--- Dataset Enclosed Below ---

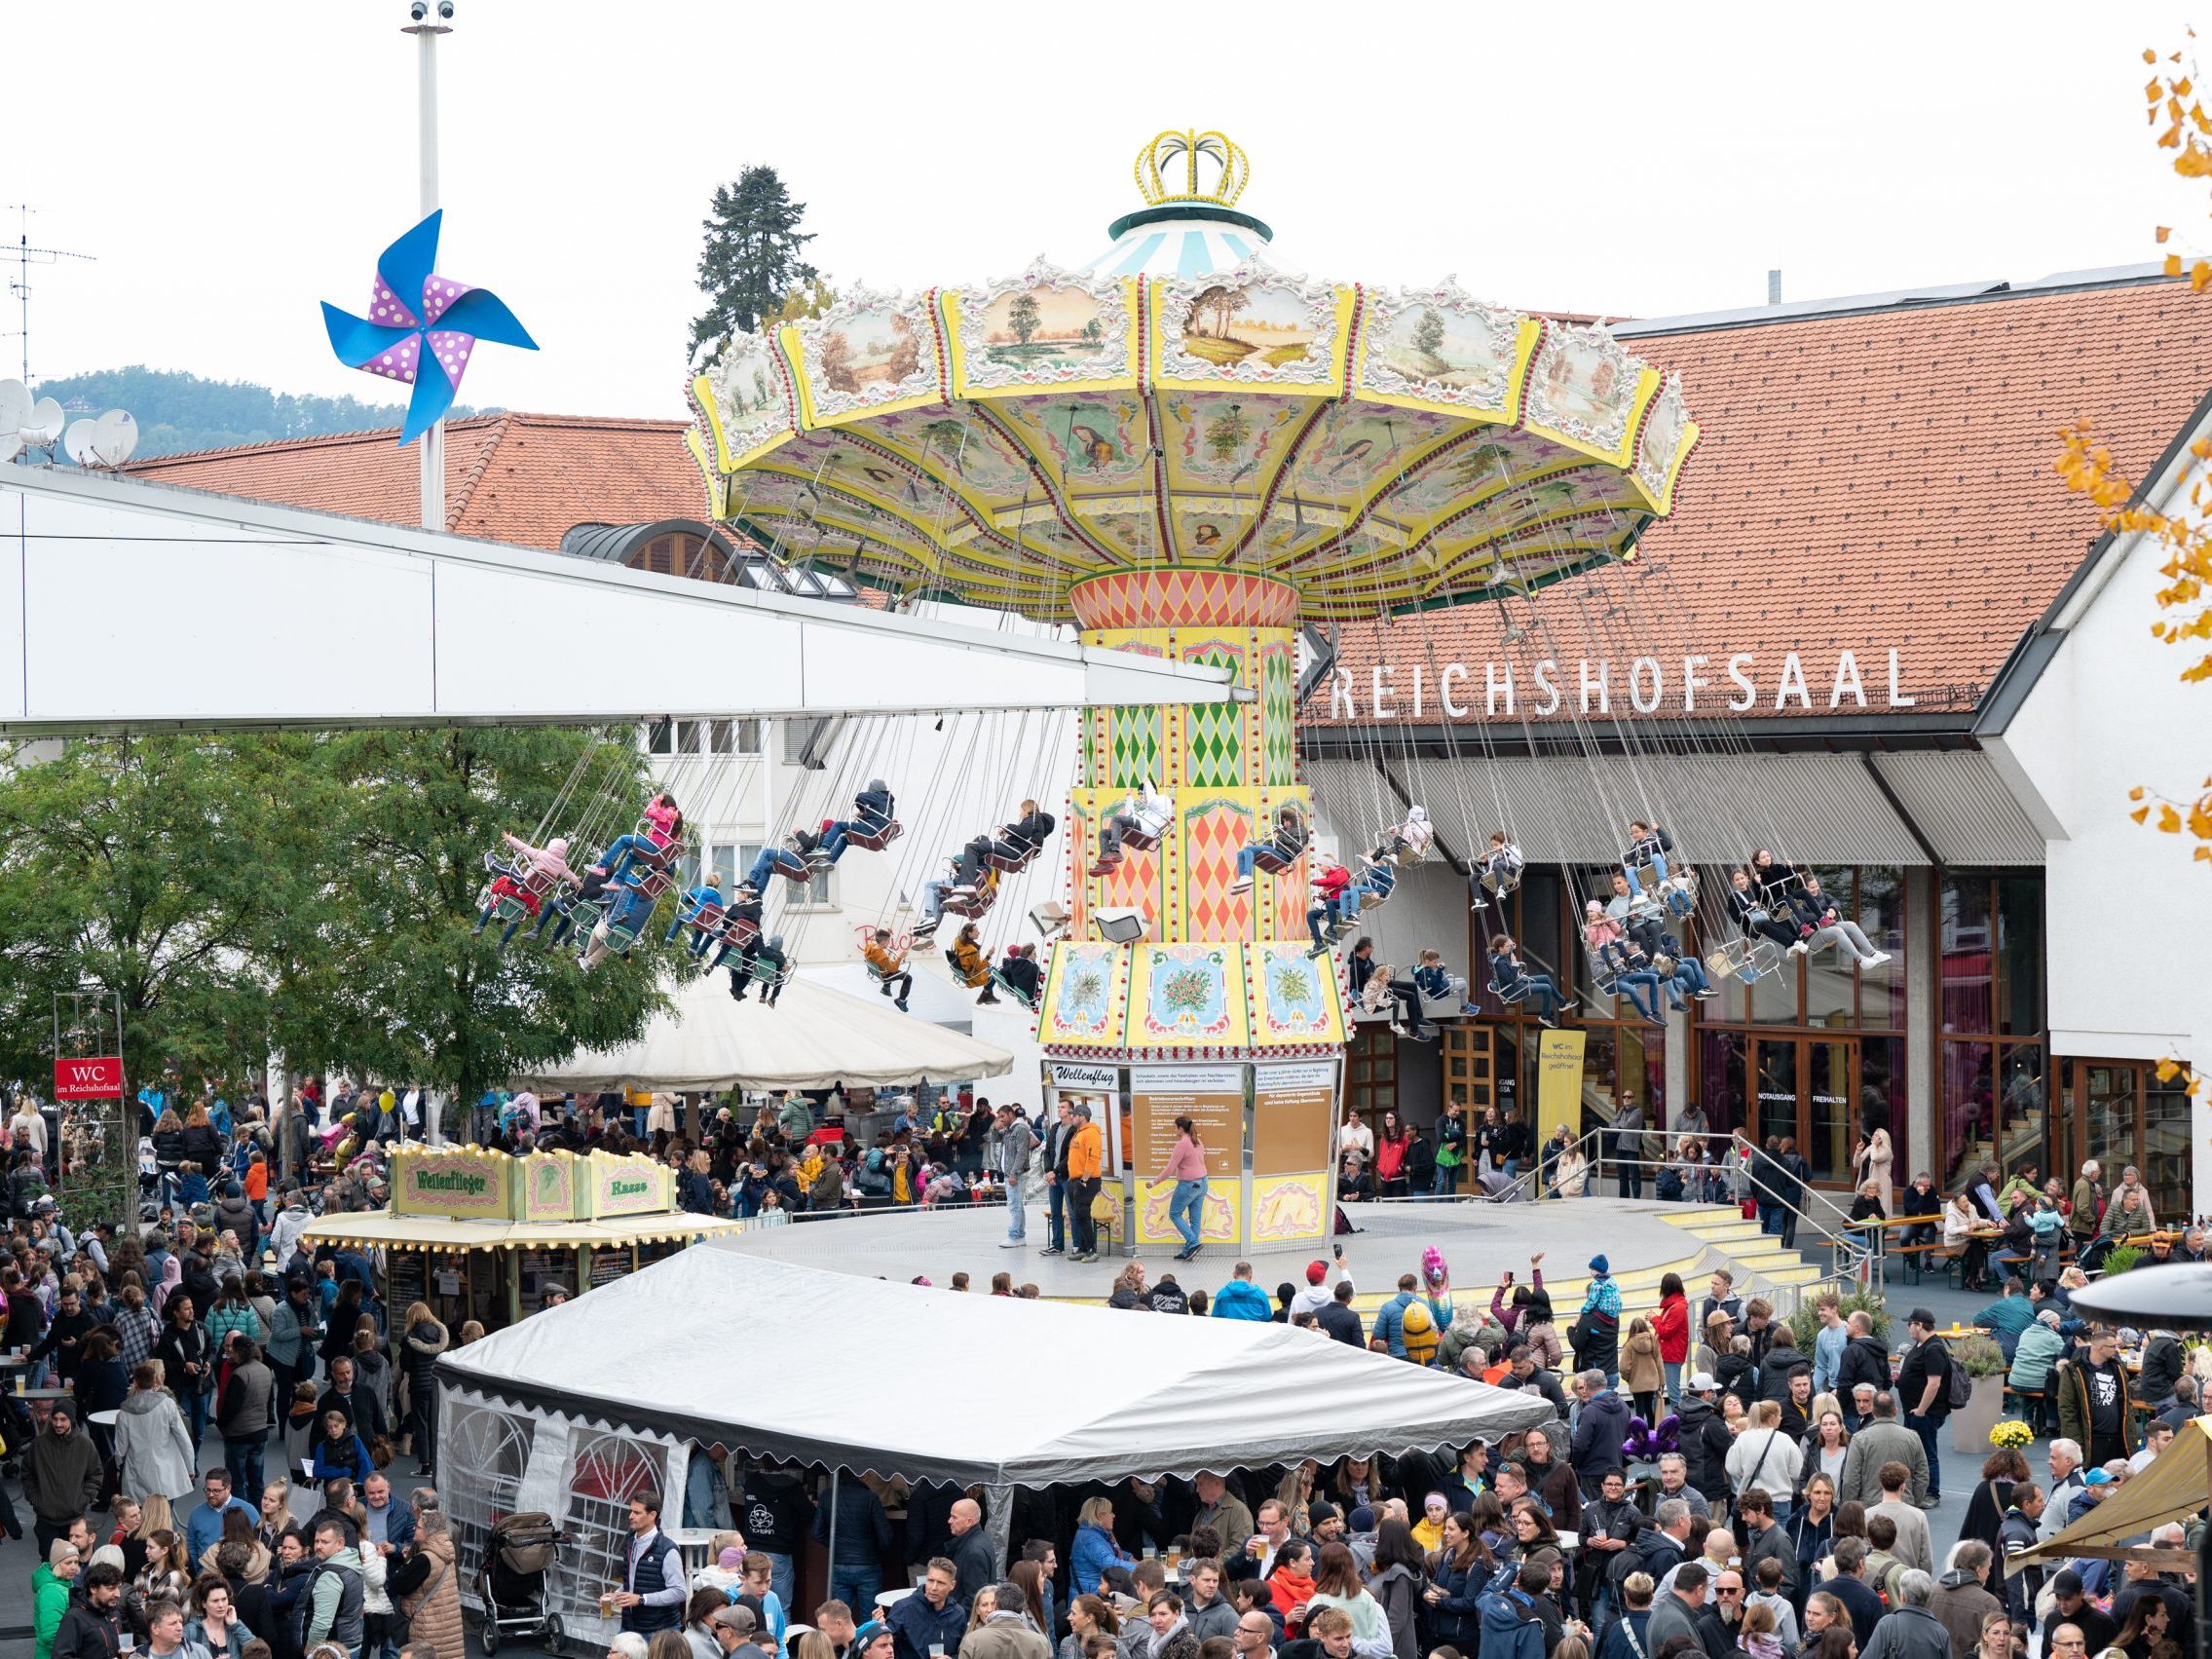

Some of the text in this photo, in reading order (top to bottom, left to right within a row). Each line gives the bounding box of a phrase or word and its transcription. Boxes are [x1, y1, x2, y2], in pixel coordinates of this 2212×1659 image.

[1329, 648, 1916, 720] REICHSHOFSAAL
[71, 1066, 106, 1082] WC
[1056, 1066, 1115, 1086] Wellenflug
[57, 1082, 121, 1093] im Reichshofsaal
[1758, 1093, 1796, 1102] NOTAUSGANG
[1813, 1095, 1847, 1104] FREIHALTEN
[416, 1170, 485, 1195] Wellenflieger

--- End of Enclosed Dataset ---

**Task prompt**
Pictures should be left out when the records above are restated exactly.

**Result of the task**
Some of the text in this photo, in reading order (top to bottom, left to right within a row). Each line gives the bounding box of a phrase or word and its transcription. Boxes are [x1, y1, x2, y2], in pixel coordinates of this 2212×1659 image.

[1329, 648, 1916, 720] REICHSHOFSAAL
[71, 1066, 106, 1082] WC
[1056, 1066, 1115, 1086] Wellenflug
[57, 1082, 121, 1093] im Reichshofsaal
[1758, 1093, 1796, 1102] NOTAUSGANG
[1813, 1095, 1847, 1104] FREIHALTEN
[416, 1170, 485, 1195] Wellenflieger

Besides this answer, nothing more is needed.